Mit Aromatherapie zu „räuchern“ und die Atmosphäre zu verbessern und zu reinigen, ist einfach und schnell. In das Wasser einer Aromalampe werden ein paar Tropfen der ausgesuchten Essenz, oder einer speziellen Mischung, geträufelt und das Teelicht darunter erwärmt das Wasser und die Essenzen verteilen sich im Raum und verschaffen eine angenehme Atmosphäre. Um eine zartere Wirkung zu haben, vielleicht fürs Kinderzimmer oder Senioren, empfiehlt sich, ein Hydrolat in die Wasserschale zu füllen.

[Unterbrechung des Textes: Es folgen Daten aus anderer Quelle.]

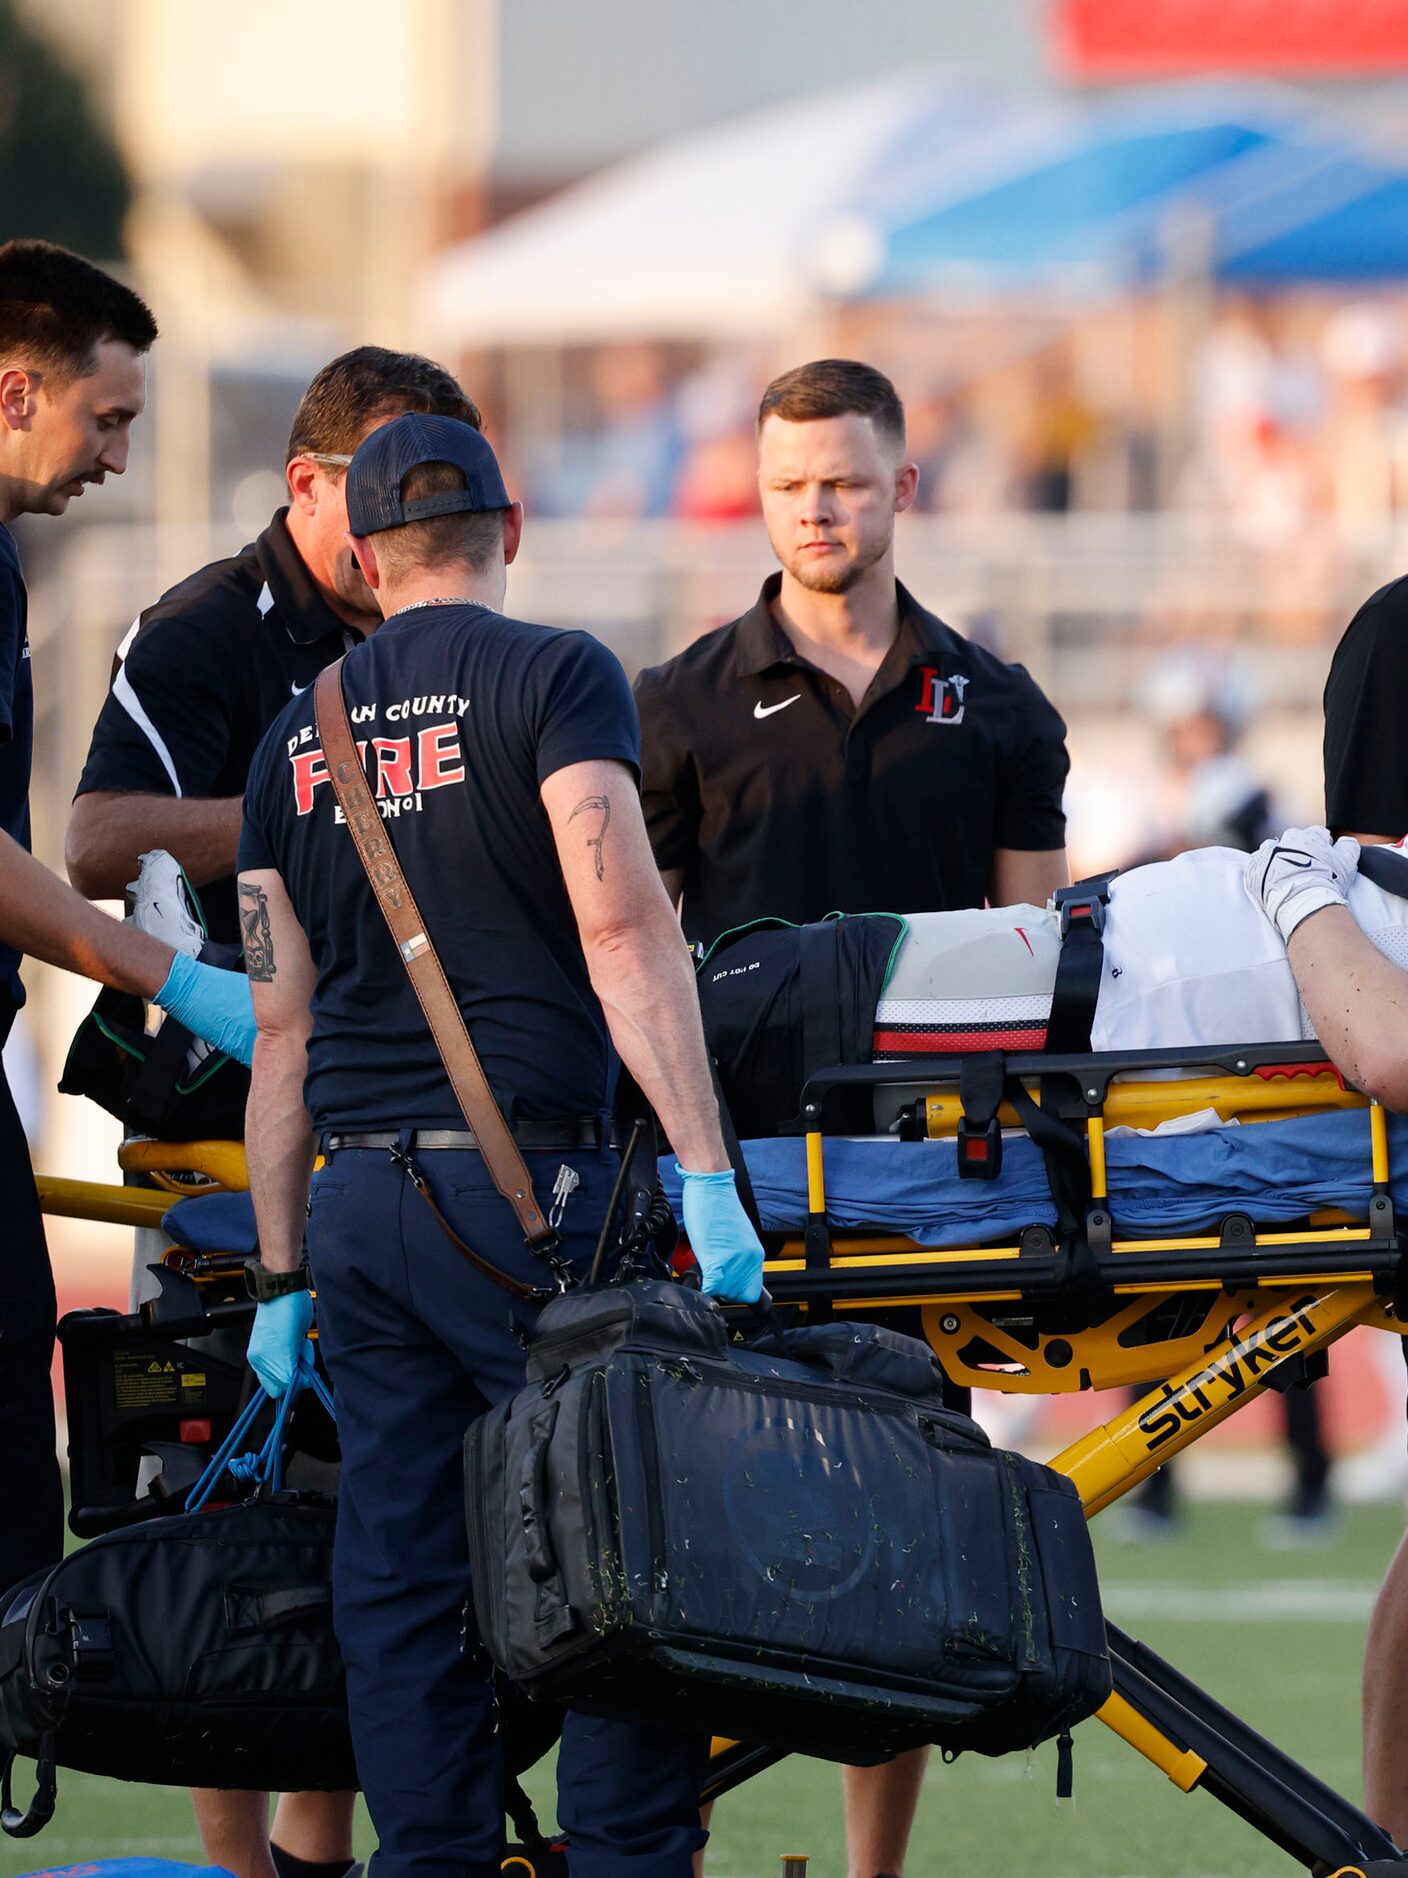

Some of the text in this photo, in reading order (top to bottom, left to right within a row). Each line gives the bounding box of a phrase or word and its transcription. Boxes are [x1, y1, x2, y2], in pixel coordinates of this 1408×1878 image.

[385, 694, 471, 722] COUNTY
[712, 961, 760, 982] DO NOT CUT
[1138, 1295, 1321, 1451] stryker
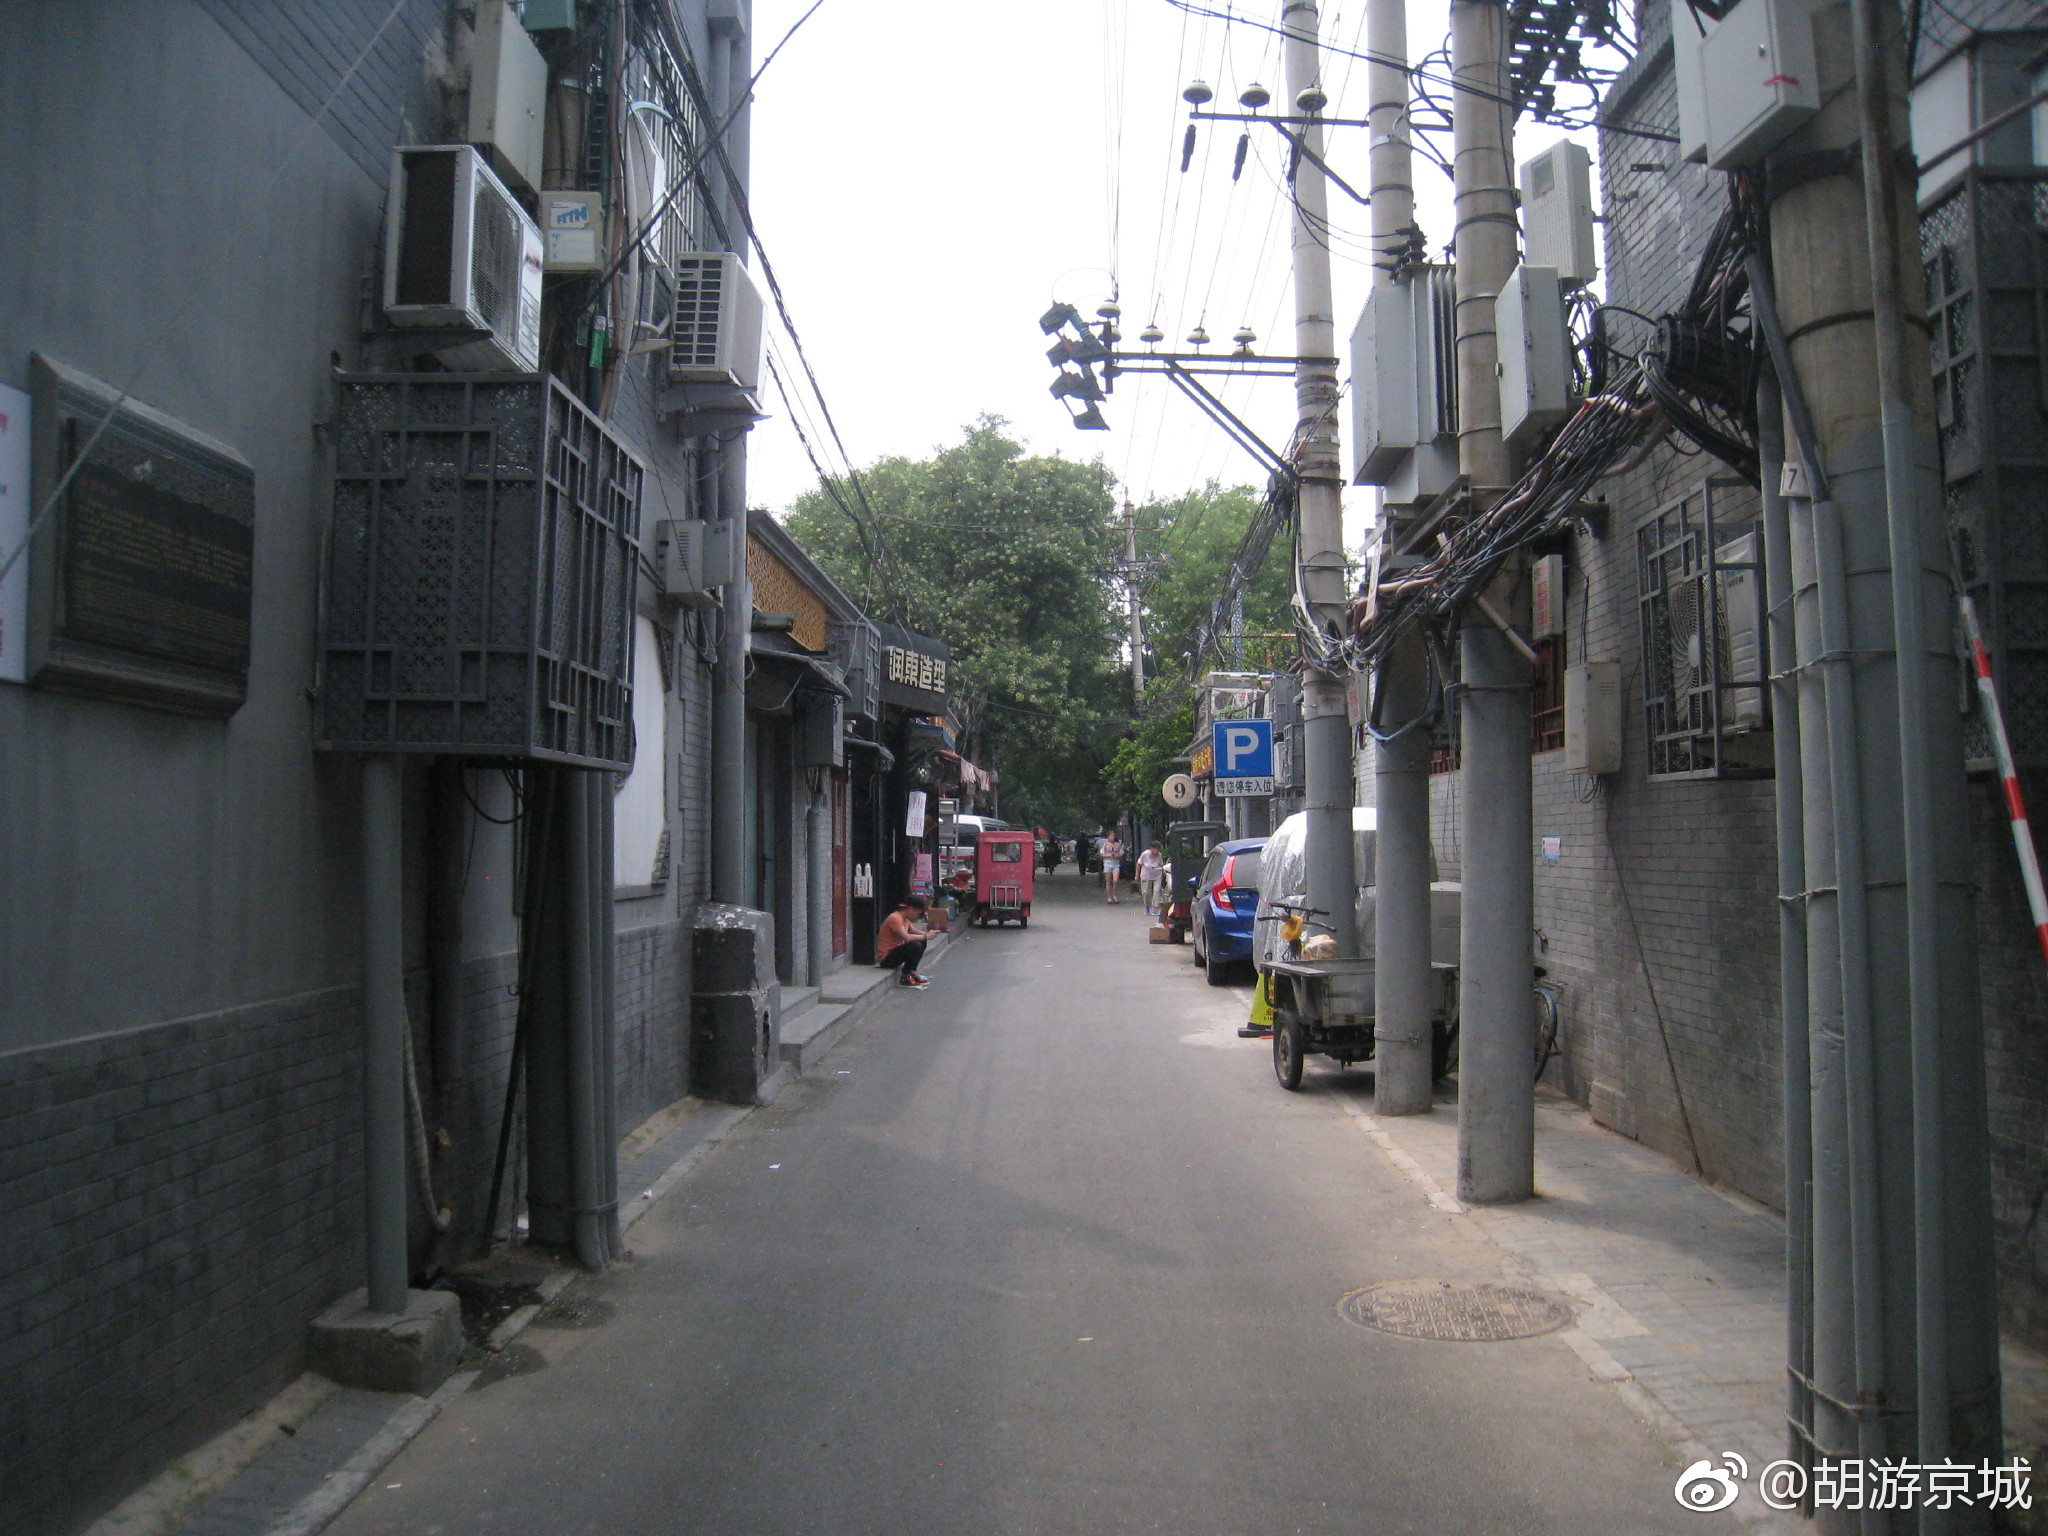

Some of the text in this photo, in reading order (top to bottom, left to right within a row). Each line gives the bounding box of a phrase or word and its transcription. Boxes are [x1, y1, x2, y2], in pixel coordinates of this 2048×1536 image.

[1789, 468, 1798, 490] 7
[1226, 728, 1259, 770] P
[1174, 783, 1186, 799] 9
[1216, 780, 1272, 793] 请您停车入位
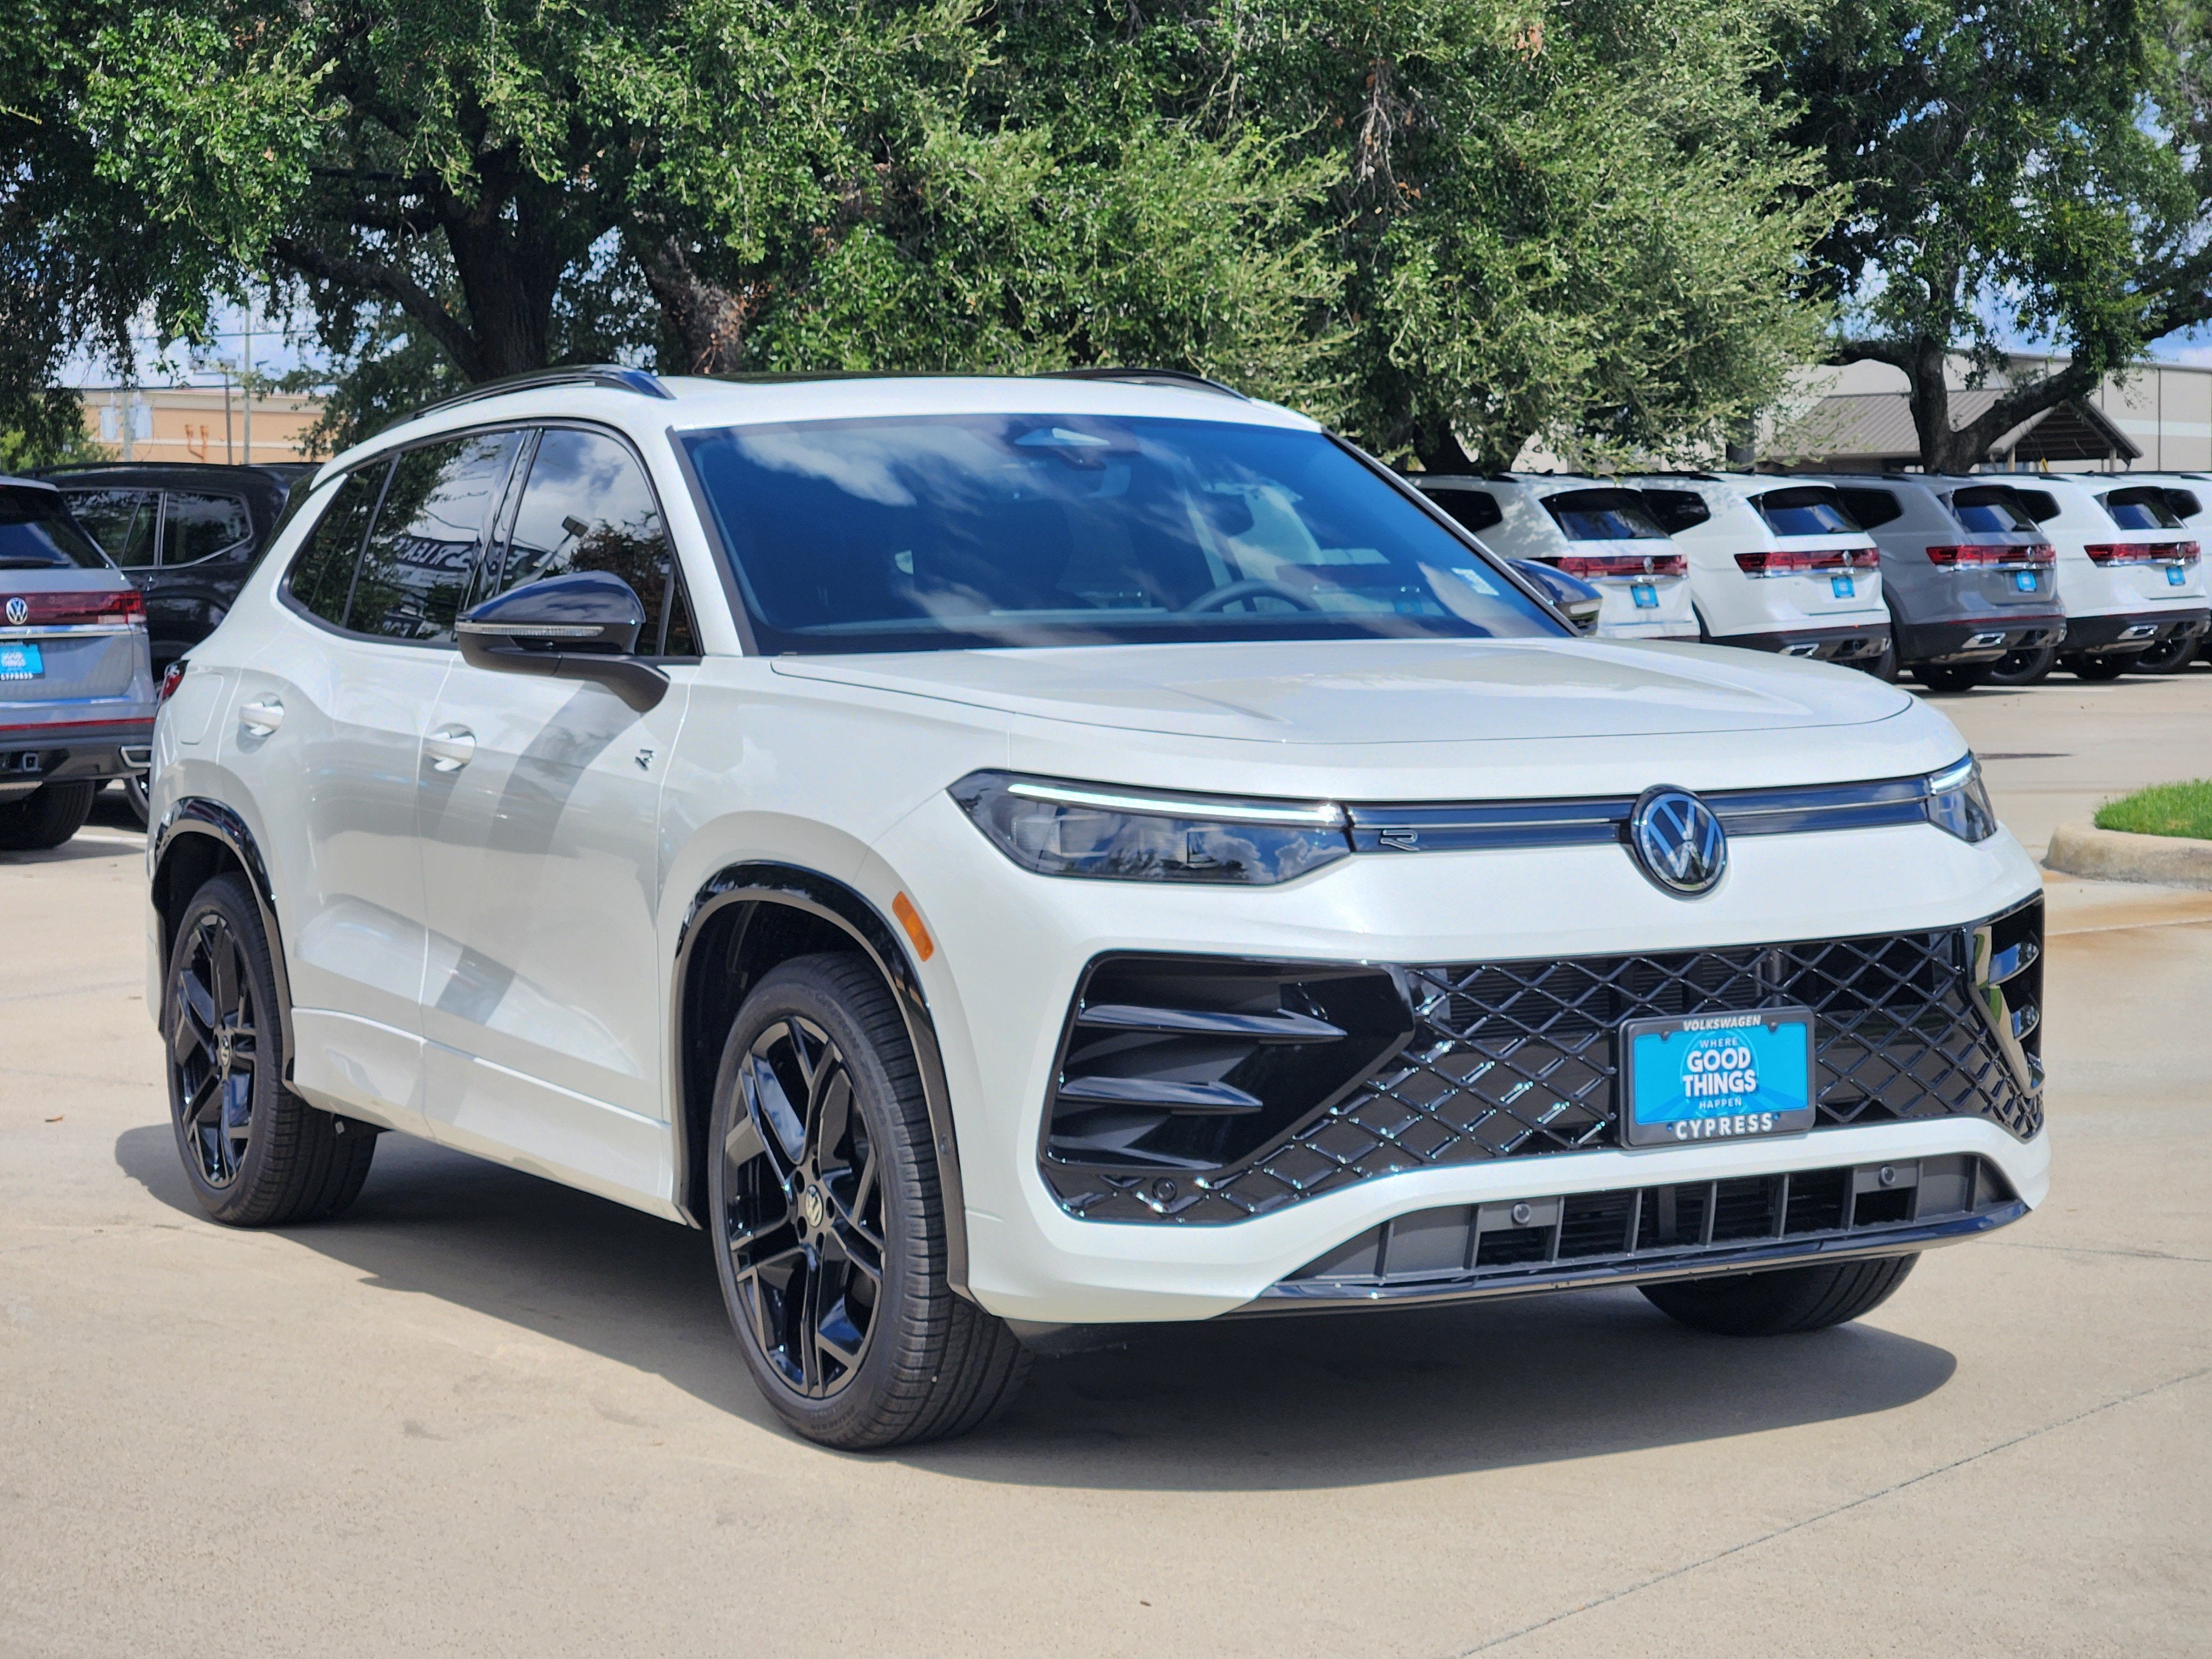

Dieses „Räuchern“ mit den Essenzen  wird einfach wegen des angenehmen Duftes gemacht, oder wegen der stimulierenden, oder entspannenden und reinigenden Wirkung auf Emotionen und Körper. In Griechenland, Arabien und Persien wurden die Pflanzendüfte für die Spiritualität und die Stimmung der Patienten von den Ärzten angewendet. Der persische Arzt Avicenna behandelte seine Patienten damit, um die Emotionen und die feinstofflichen Ebenen

Zu beeinflussen und dadurch auch auf die körperlichen Beschwerden. Im Mittelalter beschäftigten sich Universitäten mit den Essenzen und Düften und in England beschäftigte sich Culpeper mit den stimulierenden Eigenschaften von Essenzen und Kräutern. Mit seinen Büchern darüber beeinflusste er viele Alchimisten, Ärzte und Heiler in Europa.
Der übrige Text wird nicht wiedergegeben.